Month: February 2015

Coventry graduates among winners in New Art West Midlands 2015

Foremark Reservoir IIShufflebotham

New Art West Midlands is in its third year and getting your work into it is a prestigious draw for recent art graduates – last year 100,000 people are said to have visited the exhibition across three galleries.

This year there are four involved – the Herbert in Coventry, Birmingham Museum & Art Gallery, Wolverhampton Art Gallery and the Barber Institute of Fine Art, showing the work of 30 people in total. All have graduates in fine art from one of the West Midlands art schools in the past three years, with successful works chosen by artists John Newling and Bedwyr Williams, and art historian Amna Malik.

There are four Coventry University graduates showing in the exhibition, and I spoke to them at the opening in Birmingham.

BA in Fine Art graduate Jennifer Shufflebotham’s work (top) had already been recognised before she was also selected for New Art West Midlands. She was offered a residency at the Pod in Coventry after her degree show last summer.

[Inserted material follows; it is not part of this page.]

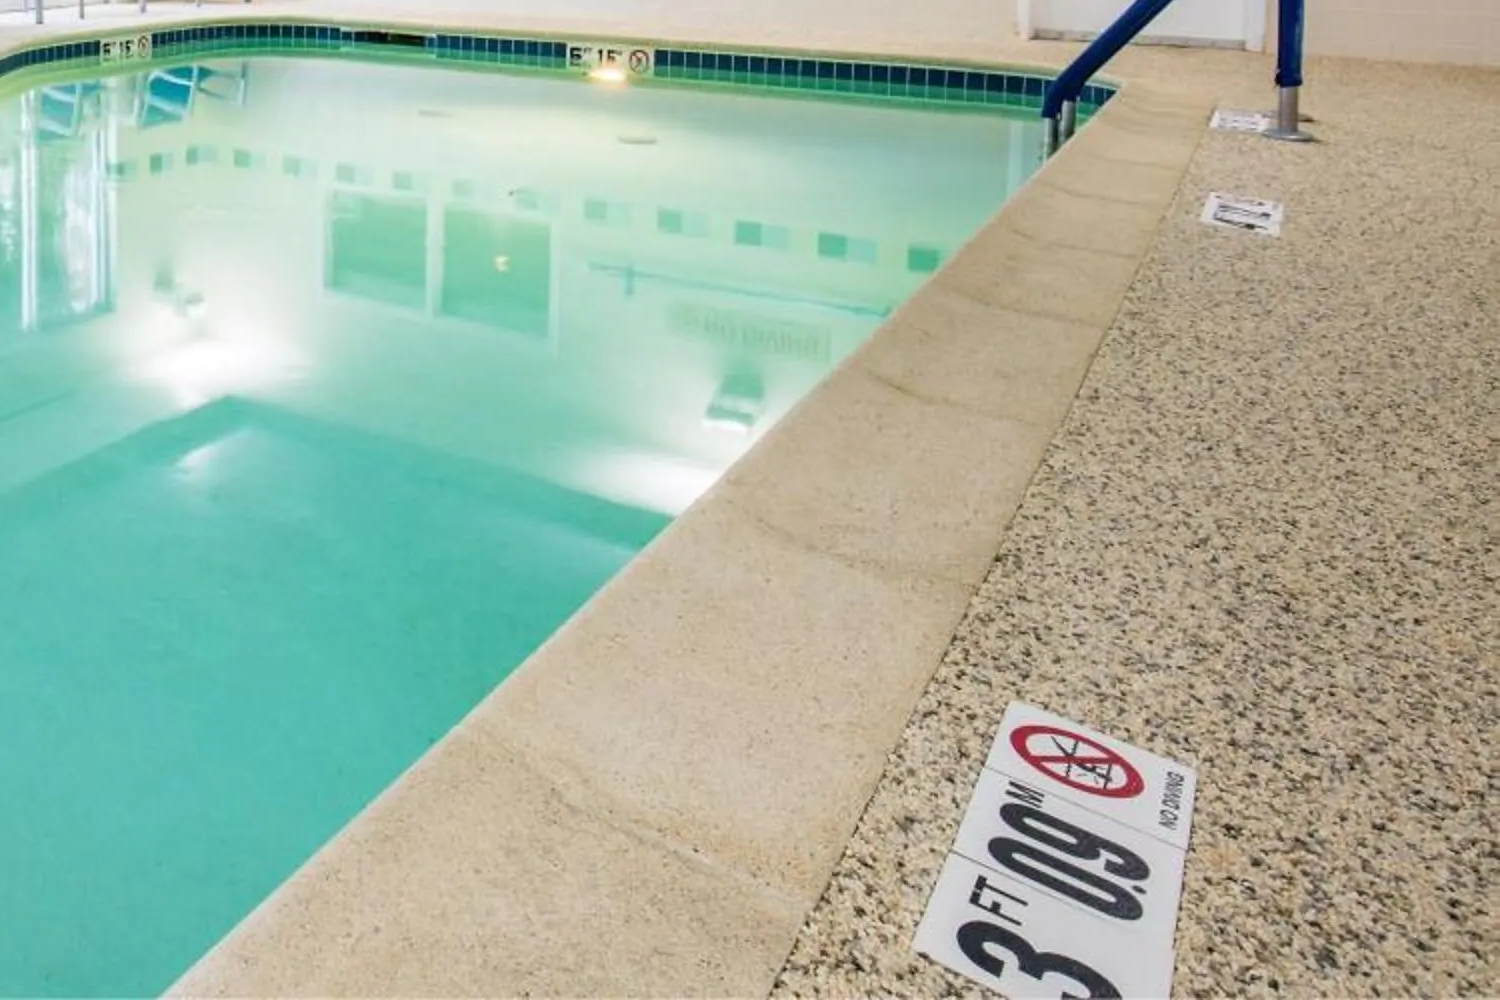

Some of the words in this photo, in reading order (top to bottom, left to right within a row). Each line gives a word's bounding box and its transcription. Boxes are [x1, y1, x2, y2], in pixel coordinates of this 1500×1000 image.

[1160, 771, 1185, 812] DIVING
[1158, 808, 1179, 831] NO
[969, 875, 1028, 926] FT
[956, 920, 1123, 1000] 3

At the Birmingham gallery she I showing two paintings inspired by a box of slides she found in her grandparents’ attic in Burton on Trent about four years ago, showing family holidays in the 1960s, when photography was more of an effort than today when people can take pictures by taking their phone out.

She said: “I’d never come across them before and I was really interested in the balance of analogue photography and the easy access to photography and Instagram that we have today.”

She has re-layered them to create paintings, with blurred and slightly strange images produced. Foremark Reservoir II is particularly interesting, with one person reduced to a dark shape which could be deliberately cloaked.

MichaelCarrMessagetoyourudy

Michael Carr’s work includes Instructions Not Included, a screen print of the instructions for looking after a vinyl disc, and A Message To You Rudy (above), a digital ink work showing Lynval Golding from the Specials depicted on a street map of Coventry. If you pick up the exhibition leaflet you get your own copy of this.

Michael came into the world at the Walsgrave Hospital in Coventry and said music of the Specials had been “a big influence on my life”, and puts the work in the context of “a vision of psycho-geography and how music can motivate and change lives and people”.

He started this work with an illustration of Lady Godiva on a map: “The Specials and Lady Godiva testify to the strength of the city. A lot of people speak badly about Coventry but if you look at the invention of cars, sewing machines, watches and all its industry there’s a lot of strength there.”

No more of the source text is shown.